**Task details**: The material below has pictures in it. Set down only the lines from the line containing "Some of the text" through the line containing "this 2212×1659 image.", word for word, and leave the pictures behind.

**Given information**:
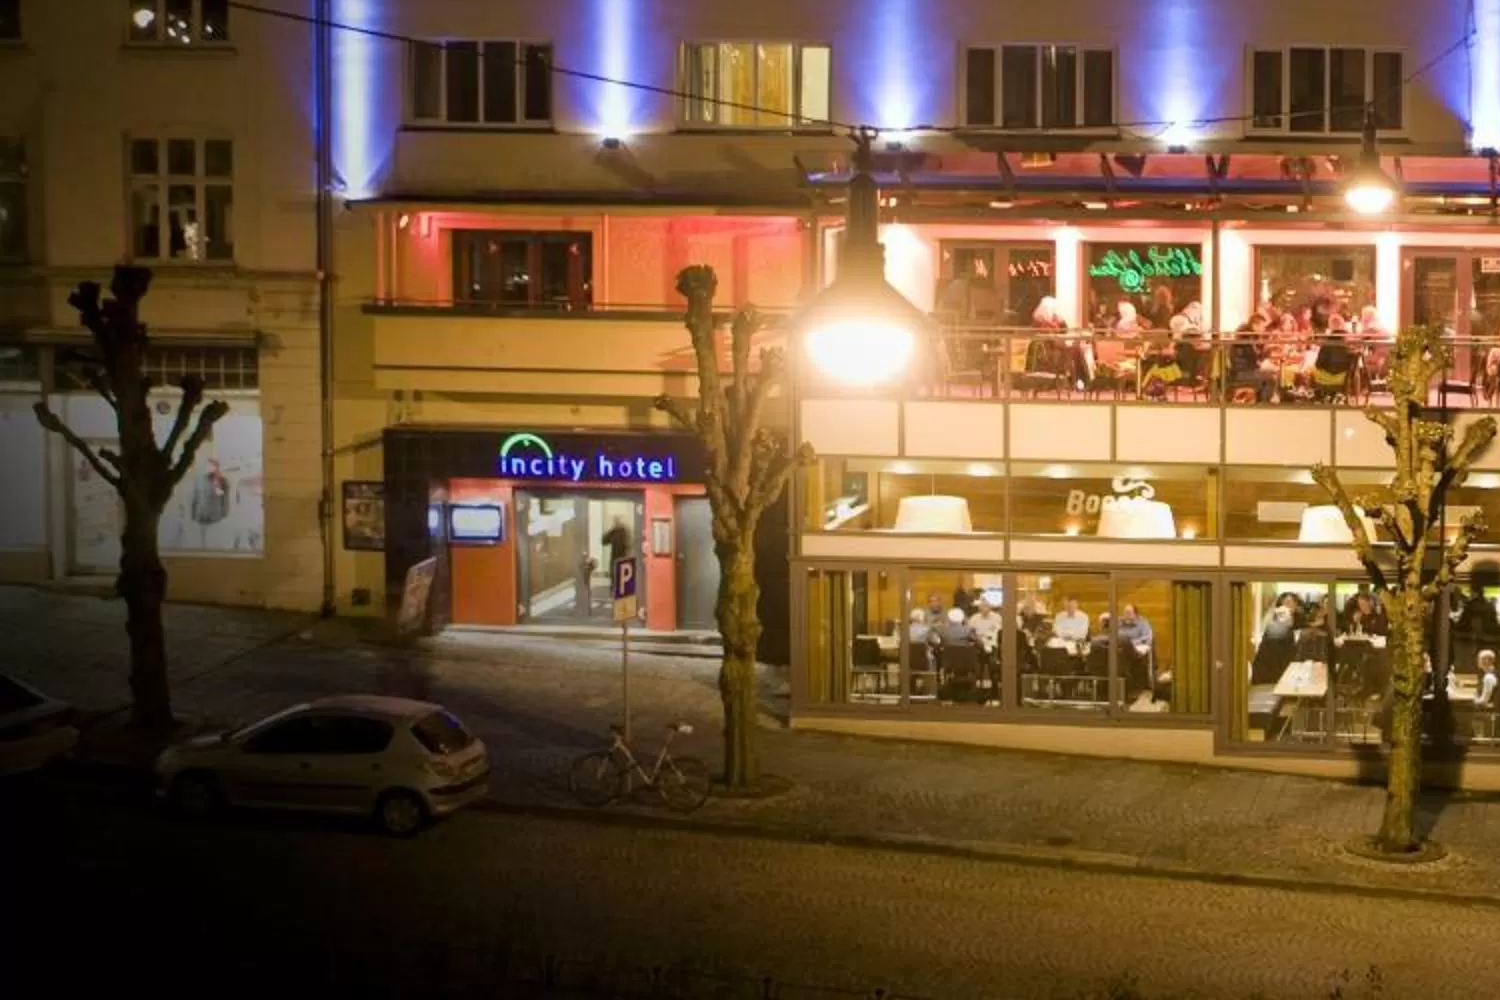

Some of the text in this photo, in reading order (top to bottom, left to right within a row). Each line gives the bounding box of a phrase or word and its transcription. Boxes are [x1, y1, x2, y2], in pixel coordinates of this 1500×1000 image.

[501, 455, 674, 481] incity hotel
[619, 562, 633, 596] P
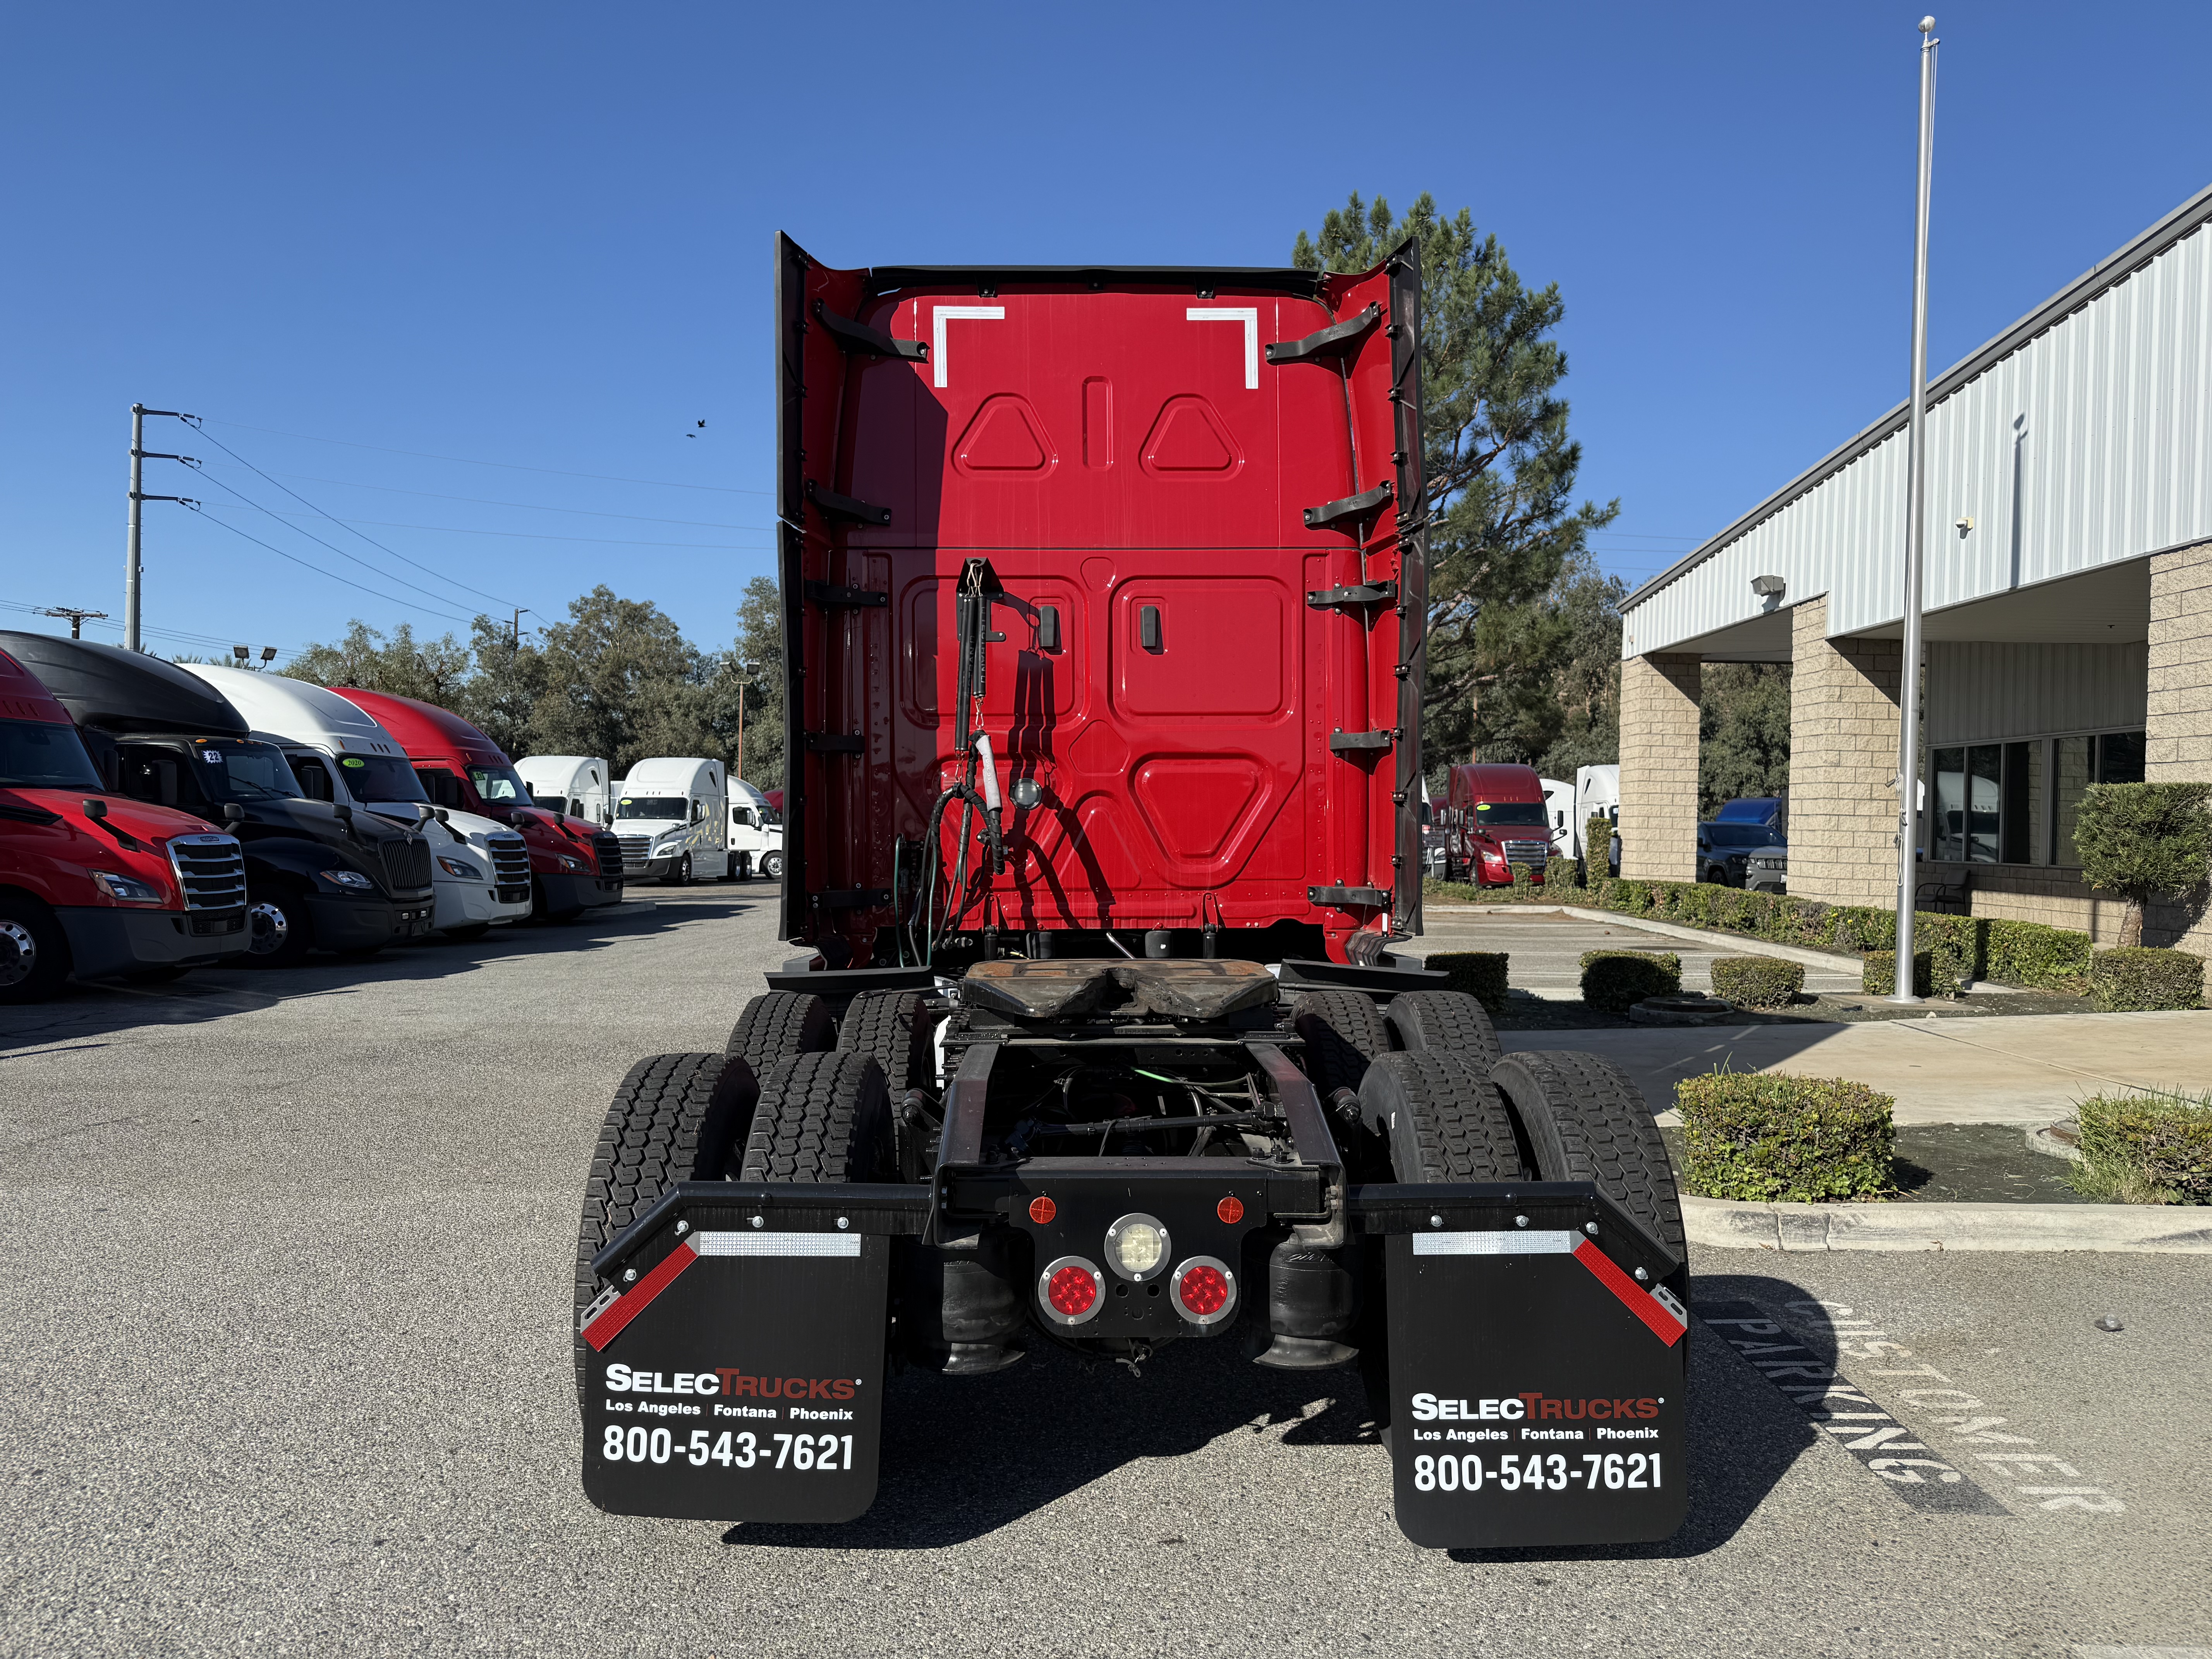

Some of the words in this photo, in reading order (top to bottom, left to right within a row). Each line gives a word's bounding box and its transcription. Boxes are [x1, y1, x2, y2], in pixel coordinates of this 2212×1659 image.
--
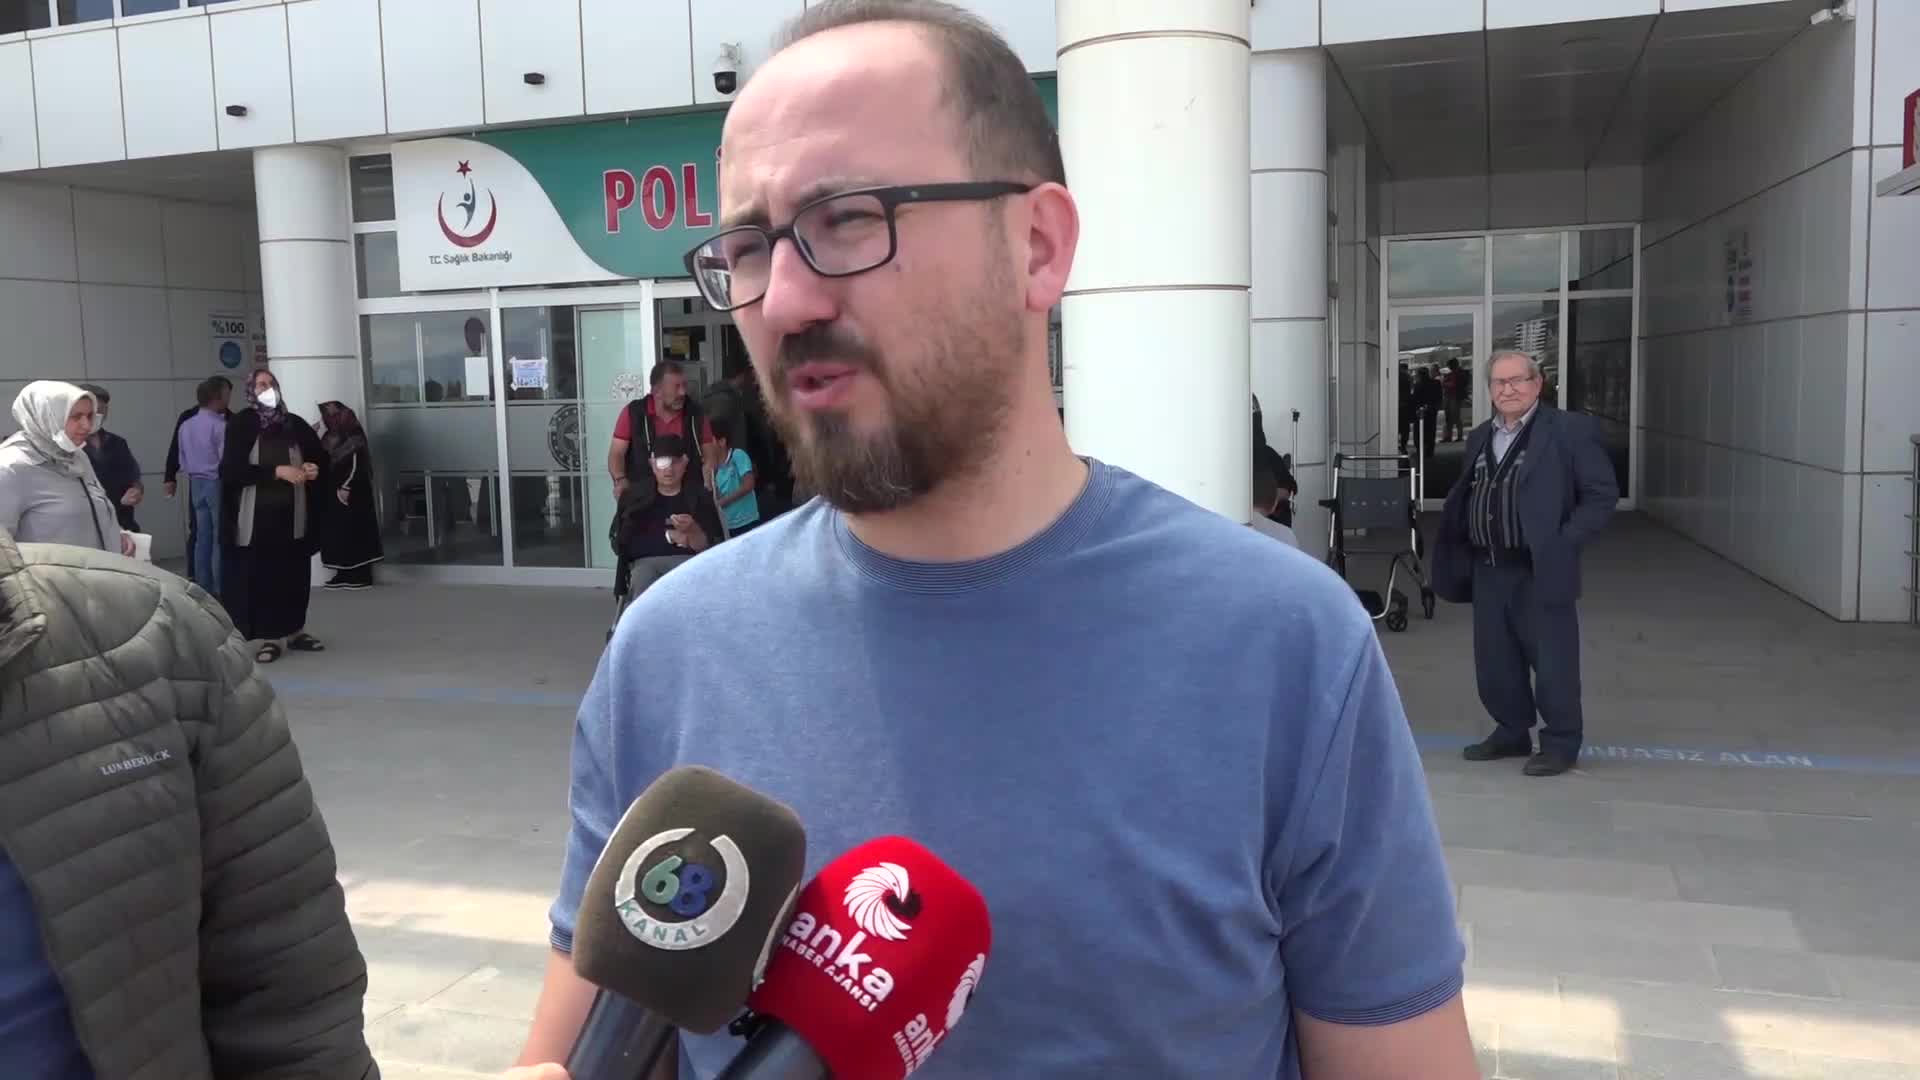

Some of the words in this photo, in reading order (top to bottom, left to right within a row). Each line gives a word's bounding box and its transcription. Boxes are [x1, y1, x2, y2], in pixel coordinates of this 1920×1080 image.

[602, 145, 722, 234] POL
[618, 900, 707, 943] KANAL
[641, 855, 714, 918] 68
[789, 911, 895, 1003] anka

**Answer to this exercise**:
Some of the text in this photo, in reading order (top to bottom, left to right within a row). Each line gives the bounding box of a phrase or word and its transcription. Boxes are [x1, y1, x2, y2], in pixel coordinates of this 1500×1000 image.

[501, 455, 674, 481] incity hotel
[619, 562, 633, 596] P

Some of the words in this photo, in reading order (top to bottom, left to right within a row). Each line gives a word's bounding box and its transcription. Boxes are [x1, y1, x2, y2], in pixel coordinates of this 2212×1659 image.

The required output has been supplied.